Quello che l’associazione europea dei produttori ortofrutticoli chiede è una collaborazione con il mondo politico di cui sollecita i rappresentati a sostenere tutti gli operatori direttamente e indirettamente colpiti dall’embargo, attraverso un monitoraggio intensificato, assistenza diretta al mercato e attività promozionali, nonché rinnovati sforzi per aprire nuovi mercati.
“Gli embarghi geopolitici – dice il presidente dell’associazione, Philippe Binard (nella foto) – dal 2014 ad oggi, hanno avuto un impatto annuale di quasi 3 miliardi di euro di perdite sull’ortofrutta europea. Purtroppo, il settore dei prodotti freschi è troppo spesso merce di scambio nelle controversie geopolitiche come l’embargo russo, la chiusura del mercato algerino, le misure di ritorsione degli Stati Uniti su altre controversie commerciali e ora la Bielorussia che riguarda un export annuale di circa 400-500mila tonnellate di frutta e verdura sall’Unione. Un business che vale 250 milioni di euro ed è, quindi, particolarmente significativo”.
La Polonia è la più colpita, dal momento che ha una quota di quell’export di oltre il 60% con 300mila tonnellate inviate ogni anni; segue la Spagna con 60mila ton; il Belgio con 35mila ton; i Paesi Bassi con 30mila ton; la Grecia (15mila) e l’Italia con 10mila.
“Se escludiamo le esportazioni verso il Regno Unito – ha detto Binard -, la Bielorussia è la seconda destinazione per i prodotti freschi dell’UE e rappresenta più del 10% delle esportazioni europee. Questa limitazione potrebbe avere un impatto significativo sul mercato dell’UE, creare un effetto boomerang su diversi mercati, con una variazione significativa dei prezzi per alcune varietà”. Oltre a sfidare direttamente il commercio di frutta e verdura tra l’UE e la Bielorussia e le conseguenze indirette sul mercato UE, l’embargo avrà anche conseguenze collaterali, come i ritardi doganali alla frontiera per le riesportazioni UE di prodotti provenienti da Paesi terzi, le incertezze sul transito attraverso la Bielorussia, e il ritardo dell’uscita bielorussa per prodotti come le forniture di legno necessarie per l’imballaggio nell’UE.
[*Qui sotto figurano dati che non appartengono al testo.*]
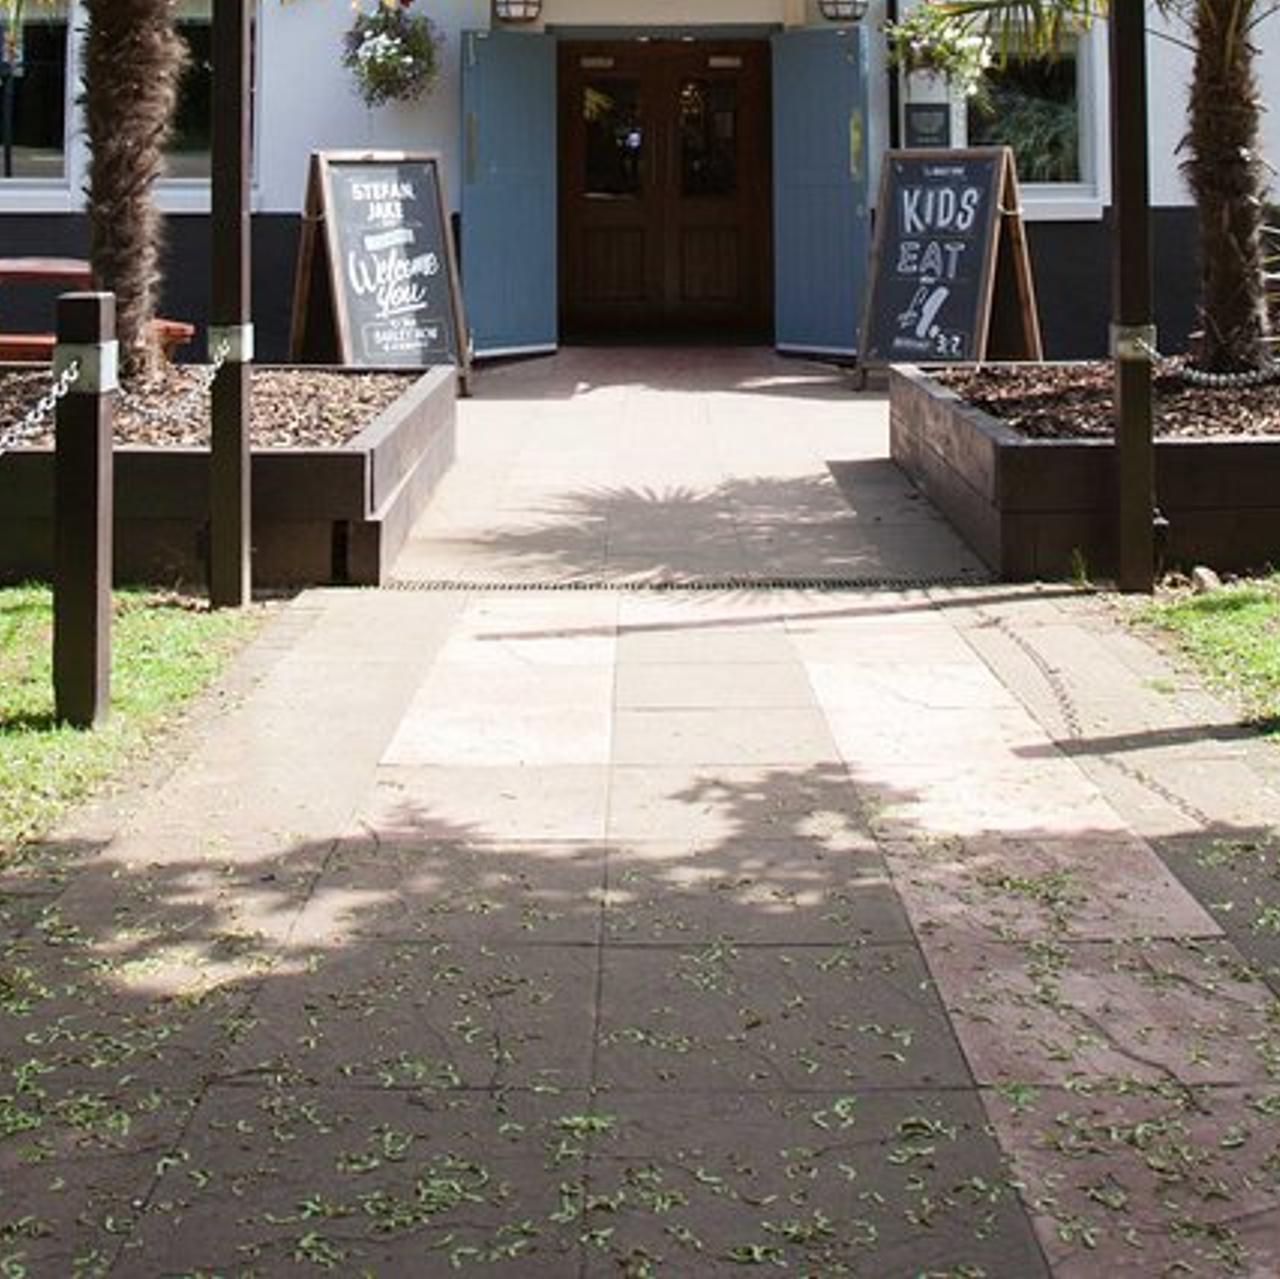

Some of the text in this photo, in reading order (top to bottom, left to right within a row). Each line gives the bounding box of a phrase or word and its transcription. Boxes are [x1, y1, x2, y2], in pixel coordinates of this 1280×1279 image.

[903, 188, 979, 233] KIDS
[347, 247, 439, 296] Welcome
[897, 241, 965, 278] EAT
Freshfel Europe segnala che, in tutto questo, l’UE non sta vietando i prodotti freschi dalla Russia e dalla Bielorussia. Negli ultimi anni, le esportazioni principalmente di verdure provenienti da questi Paesi con il supporto di input di produzione provenienti dall’UE stessa, sono state in competizione con la produzione in serra nei Paesi baltici (Stati Membri) e la produzione di berries e verdure nell’UE orientale.
Il ripristino dell’accesso al mercato con la Bielorussia è ulteriormente complicato dal fatto che la Bielorussia non è membro dell’OMC e non ha un accordo bilaterale con l’UE. L’embargo è attualmente fissato per 6 mesi ma si presume che rimarrà in vigore più a lungo a causa dei suoi stretti legami con l’embargo russo, di cui il settore soffre ancora oggi le conseguenze.
I prodotti ortofrutticoli europei rappresentano un terzo del valore dell’embargo russo da 7,5 miliardi di euro, con 2,2 milioni di tonnellate di merce interessata. 
Per Binard “con questi embarghi cumulativi sulla frutta e la verdura, che stanno prendendo di mira gli affari legittimi, ci troviamo a dovere riposizionare circa 3 miliardi di euro di fatturato. Considerando che la produzione di frutta si basa su investimenti a lungo termine nei frutteti e la necessità di adattare puntualmente le varietà alle specifiche richieste di mercato delle nuove destinazioni, il riposizionanento delle esportazioni verso nuovi mercati, è una sfida importante per il settore”. Le opportunità alternative dovrebbero essere guardate principalmente nei mercati vicini come la Turchia, un mercato enorme con consumatori che seguono una dieta mediterranea. Poiché, inoltre, sono ancora in vigore accordi commerciali asimmetrici con alti dazi doganali e procedure doganali complesse per l’esportazione verso questo Paese, le esportazioni europee sono basse (corca 10mila tonnellate l’anno) contro la valanga di prodotti turchi verso l’Unione (circa 900mila tonnellate).
“Mentre si considerano altre nuove opportunità nel Sud-Est asiatico e in Africa – si evidenzia nella nota -, gli alleati europei in queste dispute geopolitiche dovrebbero anche dimostrare la loro solidarietà e considerare finalmente l’apertura dei loro mercati ai prodotti freschi dell’UE, a partire dagli Stati Uniti con i protocolli congiunti su mele e pere che sono fermi per diversi anni, o dal Giappone, dove si attende da tempo la parola fine al la loro lunga procedura per chiudere i protocolli fitosanitari”. (m.l.)